Of course, secure hash algorithms are not perfect. Because they are used in cryptography, they are very valuable things to try and crack. SHA-1, for instance, has been weakened (you can find a collision in 2000 times fewer guesses than just doing random guessing); MD5 has been completely cracked, and security researchers have actually created two certificates which have the same MD5 sum, and got one of them signed by a certificate authority, thus allowing them to use the other one as if it had been signed by the certificate authority. You should not blindly put your faith in cryptographic hashes; once one has been weakened (like SHA-1), it is time to look for a new hash, which is why there is currently a competition to create a new standard hash algorithm.
The function is something like:
hash1 = SHA1(plaintext1)
hash2 = SHA1(plaintext2)
now, hash1 and hash2 can technically be the same. It's a collision. Not common, but possible, and not a problem.

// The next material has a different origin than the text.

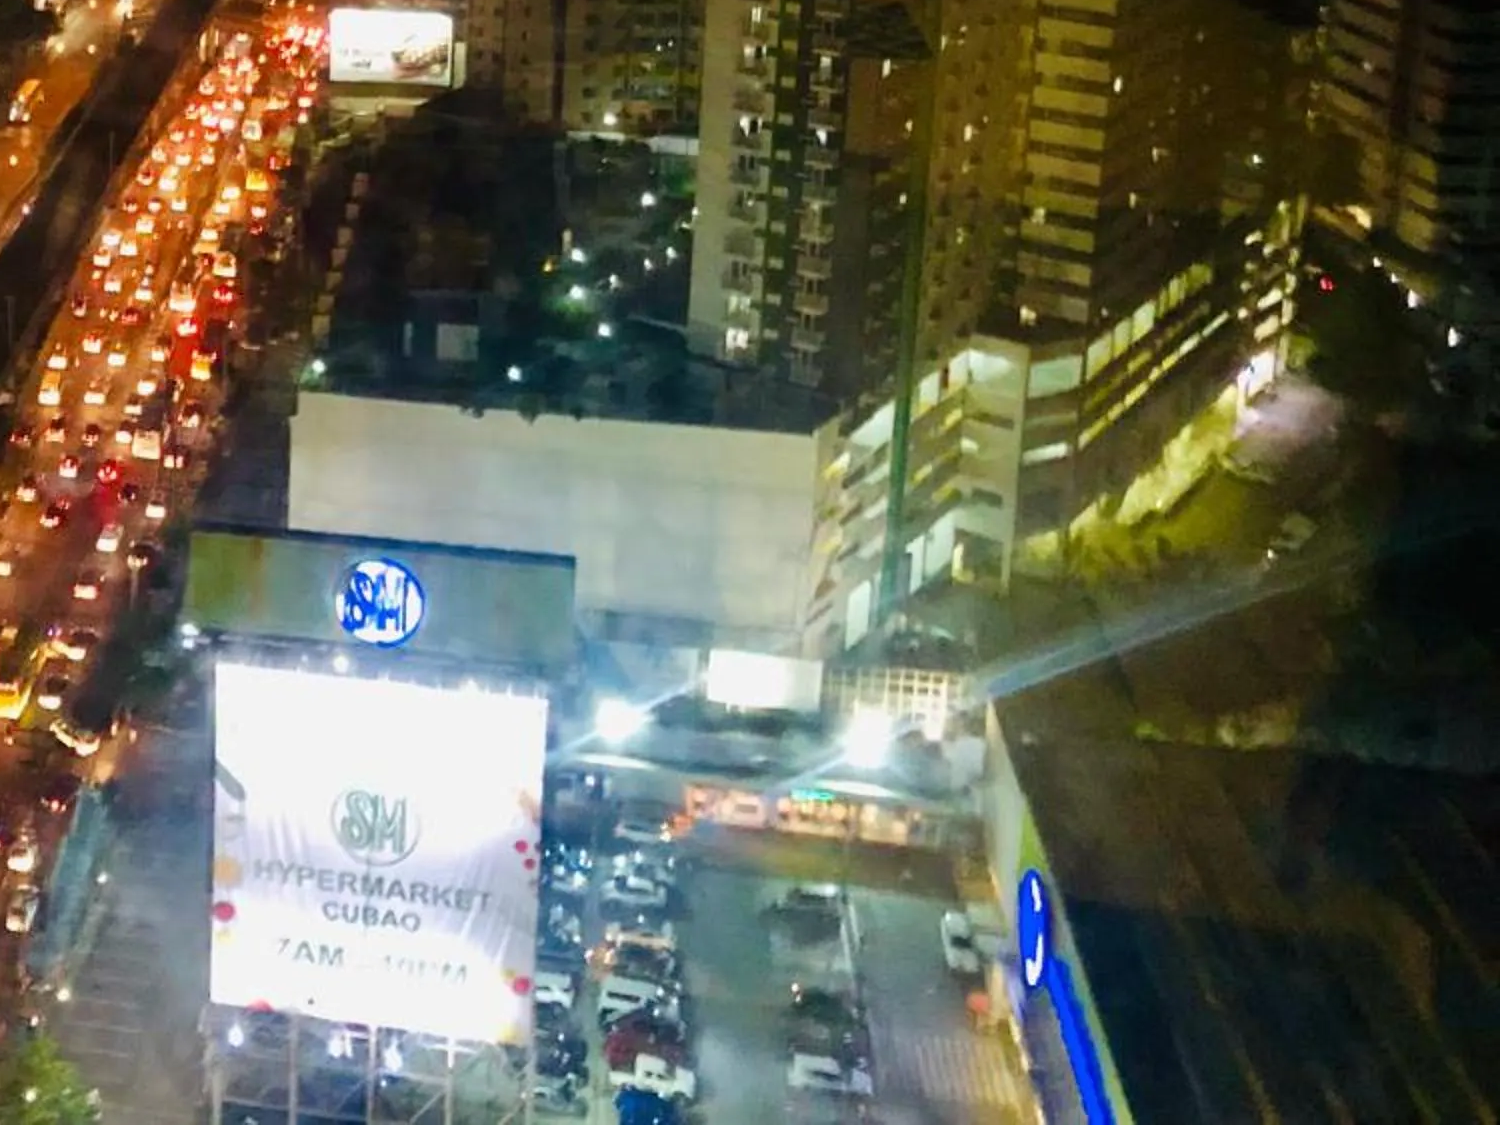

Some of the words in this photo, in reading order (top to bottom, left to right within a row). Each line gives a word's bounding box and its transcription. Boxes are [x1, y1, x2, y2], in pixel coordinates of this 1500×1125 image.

The real magic is in the fact that it's impossible to do this:
plaintext1 = SHA1-REVERSE(hash1)
So you can never reverse it. Handy if you dont want to know what a password is, only that the user gave you the same one both times. Think about it. You have 1024 bytes of input. You get 40 bits of output. How can you EVER reconstruct those 1024 bytes from the 40 - you threw information away. It's just not possible (well, unless you design the algorithm to allow it, I guess....)
Also, if 40 bits isn't enough, use SHA256 or something with a bigger output. And Salt it. Salt is good.
Oh, and as an aside: any website which emails you your password, is not hashing it's passwords. It's either storing them unencrypted (run, run screaming), or encrypting them with a 2 way encryption (DES, AES, public-private key et al - trust them a little more)
There is ZERO reasons for a website to be able to email you your password, or need to store anything but the hash. /rant.
Nice observation. Short answer it can't and leads to collisions which can be exploited in birthday attacks.
The simple answer is: it doesn't create unique hashes. Look at the Pidgeonhole priciple. It's just so unlikely for there to be a collision that nobody has ever found one.